Interestingly, despite her meezer fascination for heights and climbing, she never made an attempt to climb the fence, even when the other cats started jumping over it to harass her.

Inter-feline relationships are still a work in progress for Queen Em, but they have progressed far enough that we’ve removed most of the restrictions. The fence is down and we only lock her in her room for a few hours at night–and that’s only so she can eat in peace.

Her Majesty still stays mostly in her room, though she has been seen in the bedroom closet, down in the living room, and in the kitchen–briefly.

Other than at dinner time, she remains cautious about bipeds. However, her love of Yuki continues strong, enough so that she’s jumped up on the bed to cuddle with him a couple of times.

If she’s cautious about humans, she’s downright paranoid about cameras. I’ve been trying for weeks to get a shot of her in her latest hangout: the back of the futon in her room–it’s a favorite of every cat who’s spent time in that room, thanks to its combination of comfort, a view, and morning sunlight. Every time she sees me coming with a camera or phone, she hides under the futon.

So for now, make do with this telephoto shot of Emeraldas and Yuki hanging out on the stairs.


 

Or is that “stares”?

2021 Prognostication

Here we are, a week and a half into the MLB season. Time for me to try my hand at picking this season’s winners and losers.

In addition to the traditional rainouts, this year we once again face the prospect of covidouts. Makes looking six months out a bit tricky, but hey, as the saying goes, if it was easy, everyone would do it. Okay, so maybe everyone does do it. Never mind, I’m forging ahead.

I’m going back to my original practice of picking the playoff teams without weighing in on the playoff results. I’ll leave that prediction for the end of the season.

As usual, my picks are based primarily on run differential, with ties broken by a combination of won/loss record, run ratio, and personal prejudice. In other words, much the same approach every prognosticator uses.

Data is as of the end of the day yesterday, April 13th.

Starting with the National League, it appears our East Division winner will be Miami, thanks to their stellar accomplishment in scoring exactly as many runs as they’ve given up.

Cincinnati claims the Central Division on a +22 run differential.

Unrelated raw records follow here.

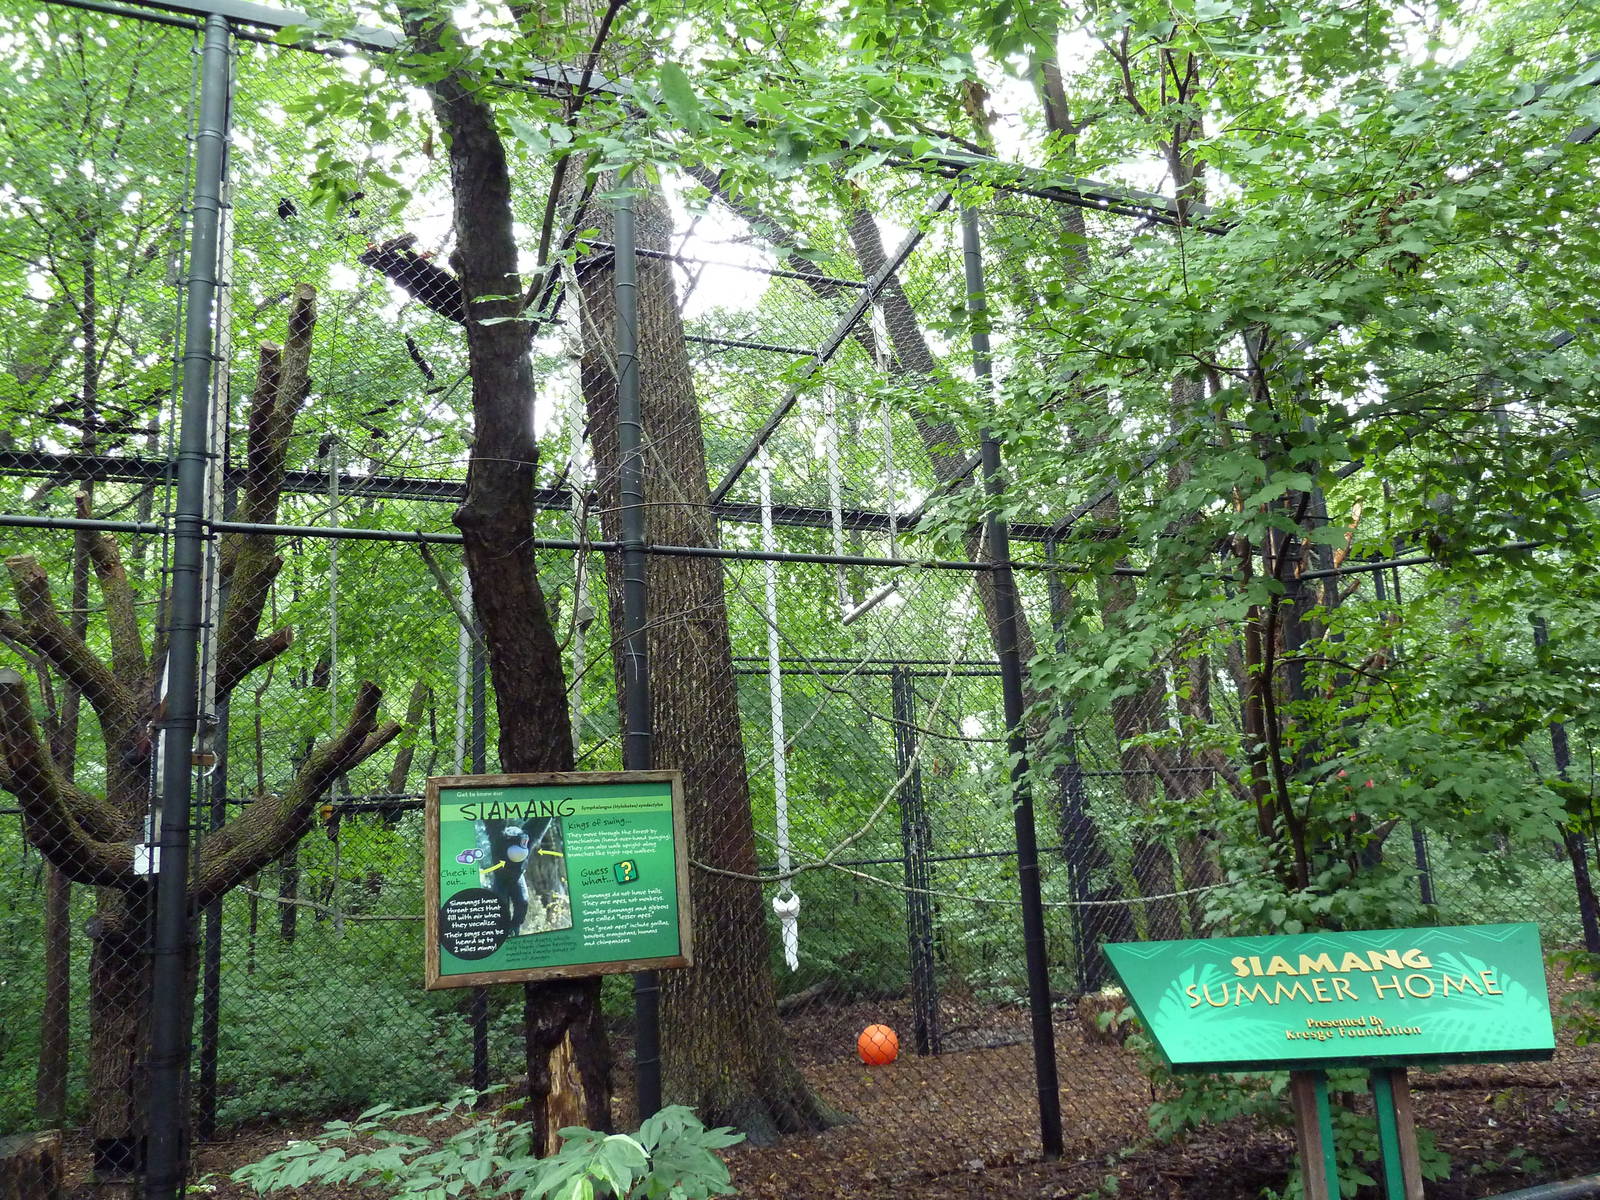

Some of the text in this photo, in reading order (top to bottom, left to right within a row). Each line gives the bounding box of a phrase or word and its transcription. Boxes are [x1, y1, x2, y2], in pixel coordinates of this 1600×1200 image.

[460, 798, 575, 821] SIAMANG
[568, 817, 632, 831] Kings of swing...
[441, 868, 467, 878] Check
[581, 867, 608, 877] Guess
[581, 876, 614, 887] what...
[582, 908, 606, 916] Smaller
[455, 938, 476, 946] heard
[477, 944, 497, 952] away!
[1231, 947, 1432, 978] SIAMANG
[1185, 970, 1503, 1007] SUMMER HOME
[1306, 1016, 1385, 1030] Presented By
[1285, 1024, 1422, 1042] Kresge Foundation

Impressive, but it’s not even close to the stunning +30 LA put up to claim the West. Darn it.

As for the Wild Card, San Diego strolls in with a +16, distantly followed by Milwaukee’s +7.

Not much controversy there. And, disappointingly little opportunity for me to exercise my prejudices. I will note that it warms my heart to see the Nationals, owners of the MLB-worst 2-6 record are also holders of the NL-worst run differential at -18. There are, of course, many games left this year (we hope!), but it’s not unreasonable to count Washington out.

Moving on to the AL, the outcome looks just as clear. (Amazing what a difference it makes when you use data from ten to twelve games instead of one or two.)

Our Eastern winner is obviously going to be Boston. Despite a slow start, they’ve still managed to put up a +17 to dominate the division.

Minnesota is going to take the Central Division; their +19 handily beats out Cleveland and Chicago.

To nobody’s surprise, Houston is dominating the AL West: not only do they have a solid +13 record, but only one other team–LAofA–is even in positive numbers, at +1.

I’ve already mentioned the Wild Card winners. The WhateverTheirNameIs gang are well out in front of the rest of the league at +16 and the White Sox narrowly squeezed past the Blue Jays, +10 to +9.

No controversy there, but more heartwarming data: the owners of MLB’s worst run differential are the Oakland Athletics. They’re clearly out of the playoff hunt at -26. Even the fact that they’re somehow at 5-7, better than half a dozen other teams invalidates my prediction.

The season ends October 3–at least, that’s the plan–and I’ll check on the results and give you my playoff guessespredictions before the Wild Card games on the fifth.